GESCHICHTE DER FAMILIE

Der Bau stammt aus dem 18. Jahrhundert; In diesem Haus lebten fünf Generationen von Familienbesitzern. Alle Antiquitäten und Möbel des Hotels sind das Erbe von Familien mit Wurzeln in der Geschichte der Stadt Sucre: Gantier, Calvo, Zelada, Urioste, Uriburu, Valda, Ichazo, Suarez und La Torre.

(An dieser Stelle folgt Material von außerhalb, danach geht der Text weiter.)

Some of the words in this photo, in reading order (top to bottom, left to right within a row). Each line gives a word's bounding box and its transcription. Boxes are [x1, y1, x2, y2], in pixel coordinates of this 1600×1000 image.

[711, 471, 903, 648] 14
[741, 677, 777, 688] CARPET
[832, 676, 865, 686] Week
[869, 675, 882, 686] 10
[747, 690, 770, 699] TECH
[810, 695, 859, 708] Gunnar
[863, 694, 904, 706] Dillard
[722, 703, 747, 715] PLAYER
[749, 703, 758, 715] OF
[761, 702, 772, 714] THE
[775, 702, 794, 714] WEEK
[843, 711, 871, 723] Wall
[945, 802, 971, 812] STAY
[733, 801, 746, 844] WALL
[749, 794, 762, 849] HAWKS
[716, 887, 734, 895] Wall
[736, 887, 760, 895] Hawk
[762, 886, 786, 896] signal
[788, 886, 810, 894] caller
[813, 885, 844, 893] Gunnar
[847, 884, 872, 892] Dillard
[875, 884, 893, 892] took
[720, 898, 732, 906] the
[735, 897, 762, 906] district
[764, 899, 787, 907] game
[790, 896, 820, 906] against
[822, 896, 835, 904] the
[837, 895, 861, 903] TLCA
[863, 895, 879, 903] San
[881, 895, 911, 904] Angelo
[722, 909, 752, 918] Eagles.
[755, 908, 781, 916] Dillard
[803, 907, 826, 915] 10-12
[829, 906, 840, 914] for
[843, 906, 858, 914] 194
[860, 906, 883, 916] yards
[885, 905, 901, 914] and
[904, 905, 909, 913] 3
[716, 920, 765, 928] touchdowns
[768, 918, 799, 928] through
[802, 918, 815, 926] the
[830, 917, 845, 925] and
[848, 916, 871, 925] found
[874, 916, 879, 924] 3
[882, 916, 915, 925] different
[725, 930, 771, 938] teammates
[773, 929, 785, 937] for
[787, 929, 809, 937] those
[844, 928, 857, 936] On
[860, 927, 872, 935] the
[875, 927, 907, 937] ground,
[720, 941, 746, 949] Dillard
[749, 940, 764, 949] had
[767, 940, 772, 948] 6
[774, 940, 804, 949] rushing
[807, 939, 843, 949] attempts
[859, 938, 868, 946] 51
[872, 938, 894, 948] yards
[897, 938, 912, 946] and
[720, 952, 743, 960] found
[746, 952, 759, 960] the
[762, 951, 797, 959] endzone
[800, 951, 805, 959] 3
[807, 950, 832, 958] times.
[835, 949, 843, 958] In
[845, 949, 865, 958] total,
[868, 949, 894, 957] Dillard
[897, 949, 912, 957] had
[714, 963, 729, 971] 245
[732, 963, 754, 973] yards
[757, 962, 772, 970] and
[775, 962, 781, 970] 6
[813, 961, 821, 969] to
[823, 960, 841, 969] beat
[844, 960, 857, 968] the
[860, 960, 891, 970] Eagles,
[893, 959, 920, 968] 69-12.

Wir entdeckten Möbel und Utensilien, die mehreren berühmten Vorfahren gehörten, darunter jene von Dr. Daniel Calvo, Dichter, Politiker, Schriftsteller und Pädagoge; Er war eine der herausragendsten Persönlichkeiten des Nationalkongresses von 1881 und Autor des ersten Bildungsgesetzes des Landes. die des Diplomaten Dámaso Uriburu und seines Neffen werden argentinischer Präsident, José Evaristo Uriburu, Enkel des Generals Juan Antonio Álvarez de Arenales, einer der heldenhaftesten Soldaten des langen Unabhängigkeitskrieges, der seit dem 25. Mai 1809 bei seinem triumphalen Einzug in die Stadt am 26. April 1825, mit Truppen, die von Argentinien geschickt sind, um Mariscal Sucre (Mariscal Sucre) zu begleiten.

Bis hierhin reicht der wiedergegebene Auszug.